What this task involves: Please retype the entries that follow exactly as they are, leaving the images behind.

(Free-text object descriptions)
____
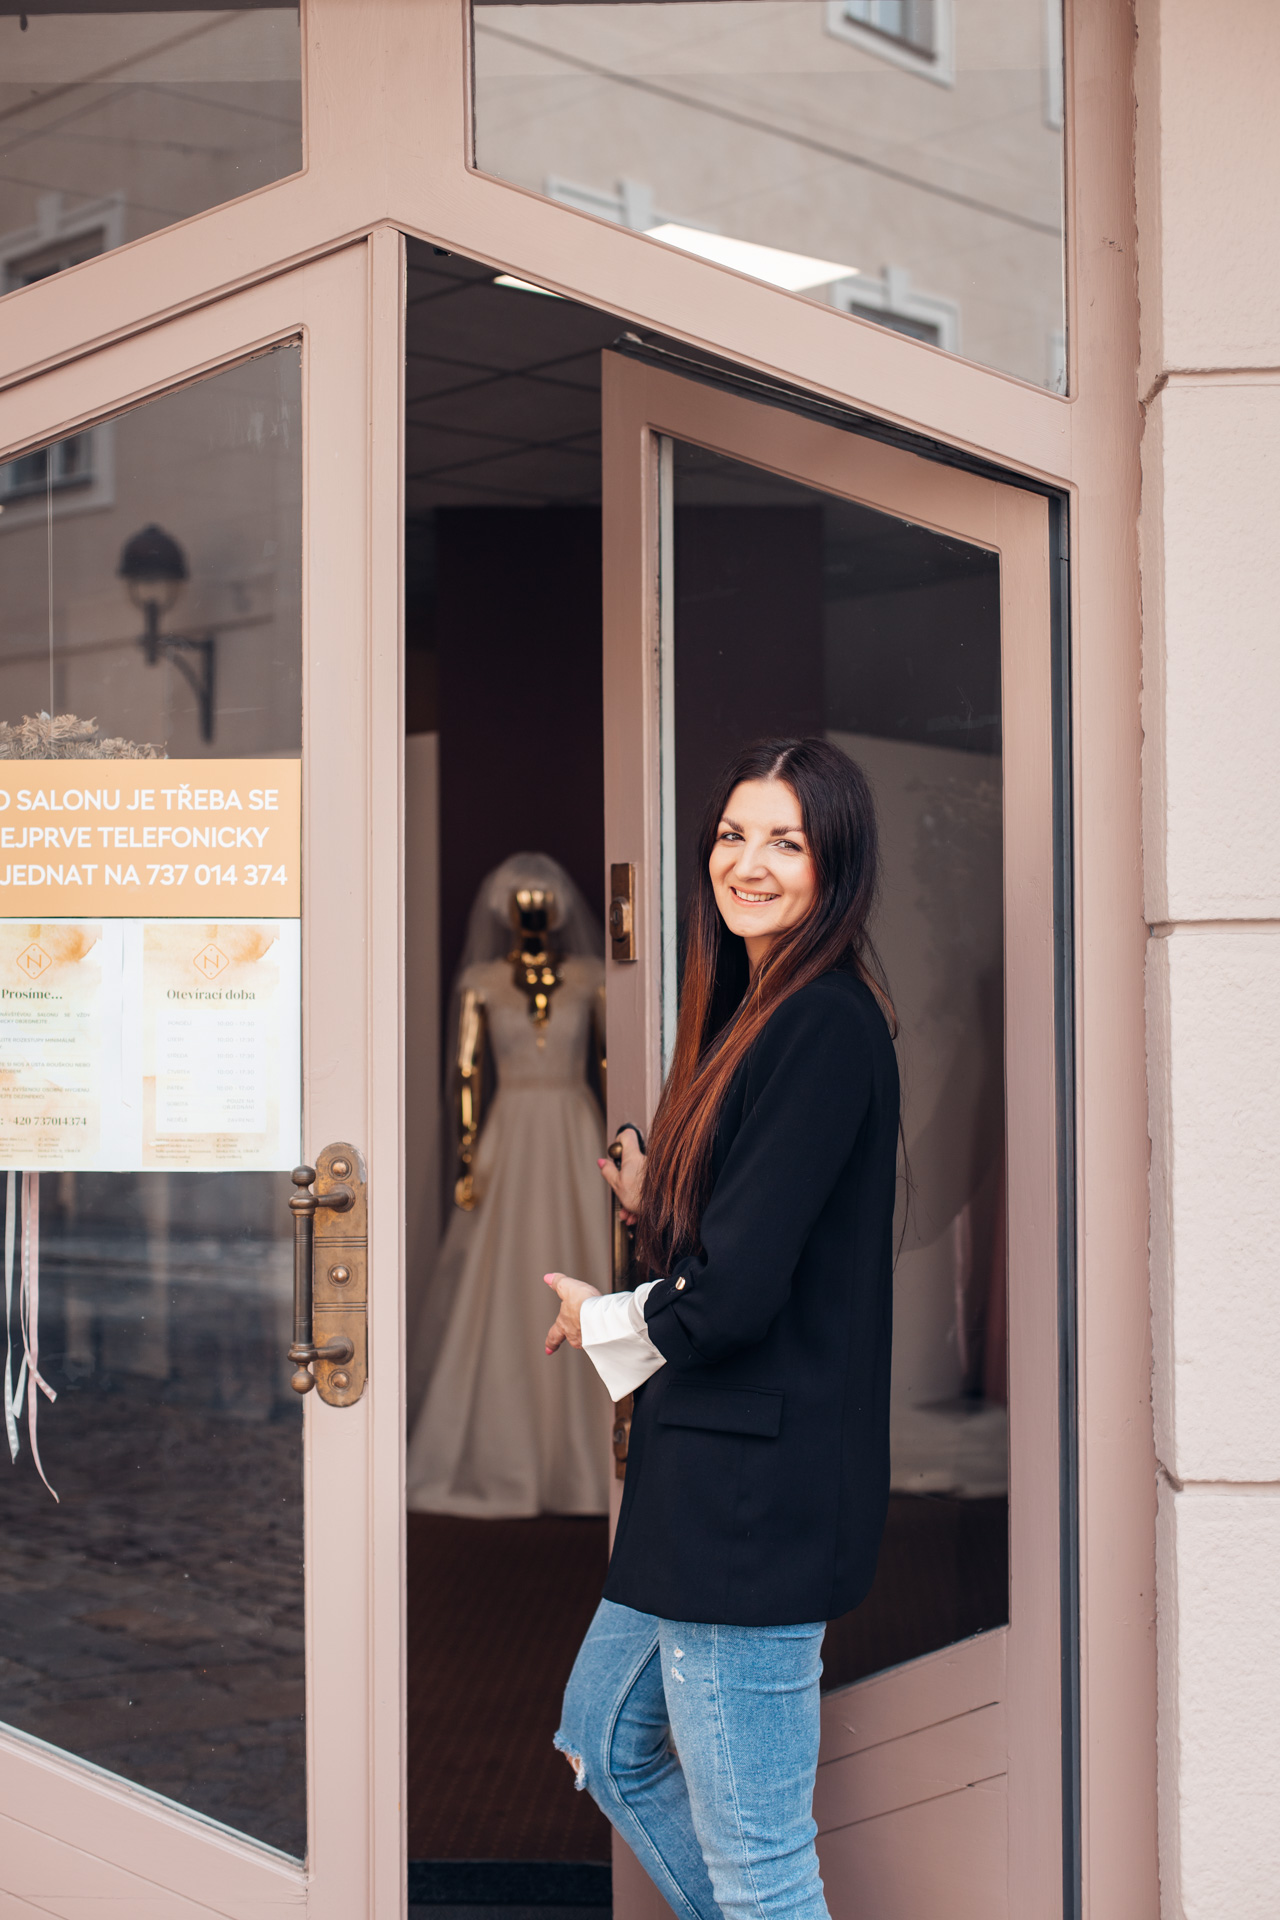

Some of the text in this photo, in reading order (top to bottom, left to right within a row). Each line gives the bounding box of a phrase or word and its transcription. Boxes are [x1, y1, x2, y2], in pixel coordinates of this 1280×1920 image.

[16, 789, 120, 811] SALONU
[126, 789, 155, 811] JE
[161, 784, 243, 811] TŘEBA
[248, 789, 279, 811] SE
[1, 826, 270, 849] EJPRVE TELEFONICKY
[0, 864, 288, 886] JEDNAT NA 737 014 374
[1, 987, 63, 1000] Prosíme...
[166, 988, 256, 1000] Otevírací doba
[33, 1116, 88, 1126] 737014374
____
Response area:
Some of the text in this photo, in reading order (top to bottom, left to right within a row). Each line gives the bounding box of a phrase or word and its transcription. Boxes are [x1, y1, x2, y2], in pixel coordinates of this 1280×1920 image.

[16, 789, 120, 811] SALONU
[126, 789, 155, 811] JE
[161, 784, 243, 811] TŘEBA
[248, 789, 279, 811] SE
[1, 826, 270, 849] EJPRVE TELEFONICKY
[0, 864, 288, 886] JEDNAT NA 737 014 374
[1, 987, 63, 1000] Prosíme...
[166, 988, 256, 1000] Otevírací doba
[33, 1116, 88, 1126] 737014374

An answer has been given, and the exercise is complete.